Six researchers under the age of 40 recognized for their seminal contributions across diverse fields.

Researchers study Chikungunya proteins for a potential cure

Read time: 4 mins
Mandi
12 Jul 2018

Chikungunya fever is a major public health issue that infects many during the monsoon season. The most recent outbreak in India was in 2016, and in the last three years, the number of chikungunya cases in India has increased by a whopping 390 per cent. Caused by a mosquito-borne virus, there are no vaccines or specific treatments for this disease at the moment. Now, researchers at the Indian Institute of Technology Mandi have been studying regions of the Chikungunya virus proteome—the entire set of proteins that can be expressed by an organism—in the hopes of designing a vaccine or a drug against it.

‘Chikungunya’ is a Makonde (a Tanzanian ethnic tribe) word which means ‘the one which bends up’. The symptoms of the disease include fever and severe joint pains. While the illness usually lasts for about five to seven days, in some cases, the patient may continue to suffer from severe joint pains for up to a month, giving the disease its name. The chikungunya virus is small and spherical and is transmitted by the Aedes aegypti and Aedes albopictus mosquitoes.

In a study published in the journal Nature, the researchers looked at how often intrinsically disordered proteins (IDPs) and their regions (IDPRs) were found in the Chikungunya virus proteome. These proteins are a part of the ‘Dark Proteome’ about which not much is known. Scientists believe that they are either a set of many peptide segments or a whole protein that doesn’t have a unique three-dimensional structure within a cell but performs many biological functions, like cell cycle regulation, controlling signal pathways and the maintenance of viral proteomes.
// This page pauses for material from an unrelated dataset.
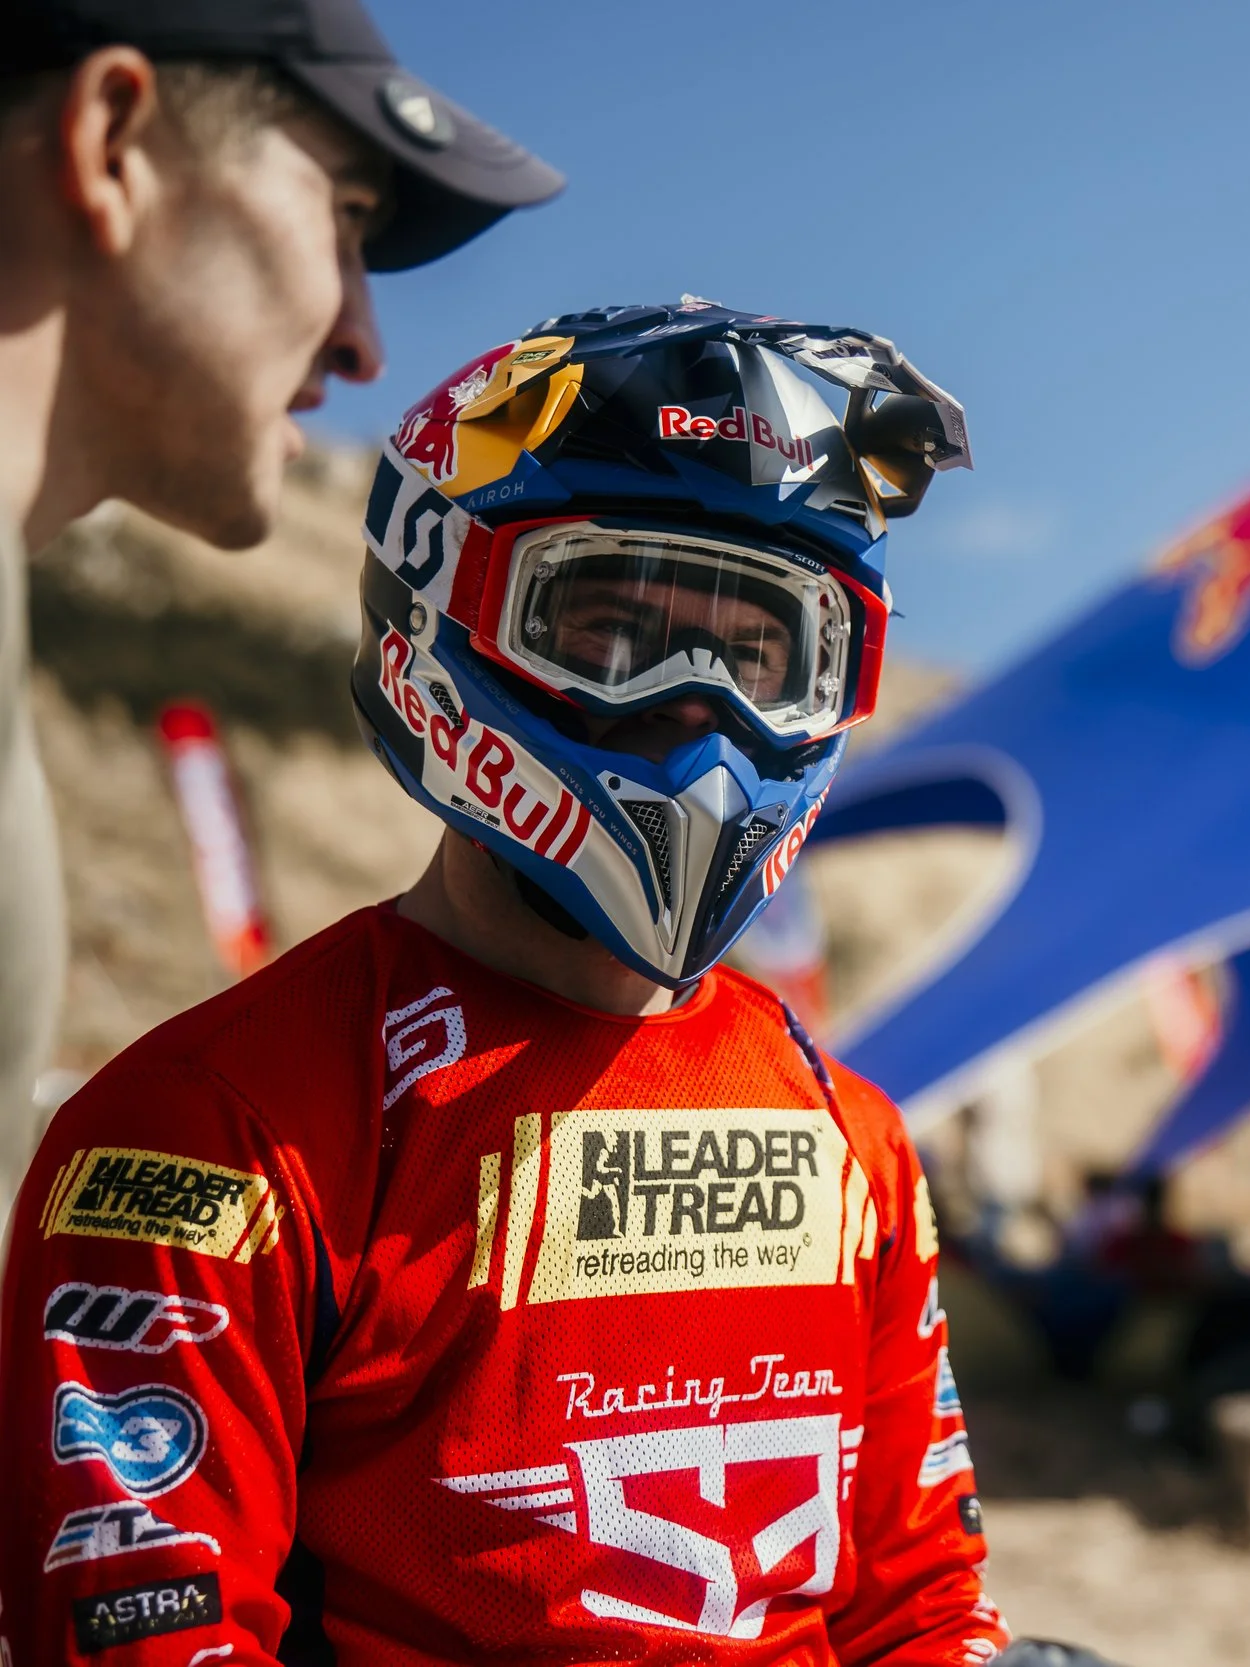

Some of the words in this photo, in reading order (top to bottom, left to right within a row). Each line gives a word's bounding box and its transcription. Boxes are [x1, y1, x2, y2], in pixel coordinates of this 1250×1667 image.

“We have analysed the abundance and functionality of IDPs/IDPRs in the Chikungunya virus proteins that are involved in the replication and maturation of the virus. It is likely that these IDPs/IDPRs can serve as novel targets for disorder based drug design”, says the researchers on the goal of their study.

Since some proteins in the Chikungunya virus are a part of the Dark Proteome, which does not have a three-dimensional structure, they can’t be studied using conventional methods like X-Ray crystallography (bouncing x-rays off the crystalline structure to determine its shape) or using an electron microscope. Instead, the researchers used the polypeptide sequence from an African strain of the Chikungunya virus to find disordered proteins that make up the dark proteome. They studied this strain because it is the most viral Chikungunya strain.

Intrinsically disordered proteins are hydrophilic and are more attracted to water than proteins that have a defined three-dimensional structure—a likely reason why they are disordered. They are promiscuous binders and can be involved in numerous interactions with many partners. They act as an essential hub in protein-to-protein interaction networks that can regulate multiple signalling pathways at a time. These disordered regions represent new and attractive targets for drug design.

“Several reports suggested that IDPs/IDPRs play a central role in various molecular recognition events and protein-protein interaction networks. Some IDPs/IDPRs can undergo at least partial disorder-to-order transitions, and form a specific three-dimensional structure when they get involved in interactions with specific binding partners that are needed for recognition, signalling, control, and regulation”, explain the researchers. The specific binding property of the Dark Proteome is so exciting because the unique structure that is formed can be used as a target site for a new Chikungunya drug.

The study found that the outer covering of the virus, called the capsid protein, is entirely disordered. Changes in two proteins, E1 and E2, of the dark proteome that were caused by mutations has helped the virus to propagate much better in the Aedes aegypti and Aedes albopictus mosquitoes. Since the role of IDPRs is well understood in the regulation of the life cycle of viruses, research has moved towards the development of disorder-protein based drug discovery strategies.

The study suggests that intrinsically disordered protein regions play an essential role in the flexibility of the proteome structure and the diversity of its functions. “The disordered side of the proteome may provide a new angle to study pathogenic characteristics and to understand the virus-host interaction mechanism”, remark the authors of the study.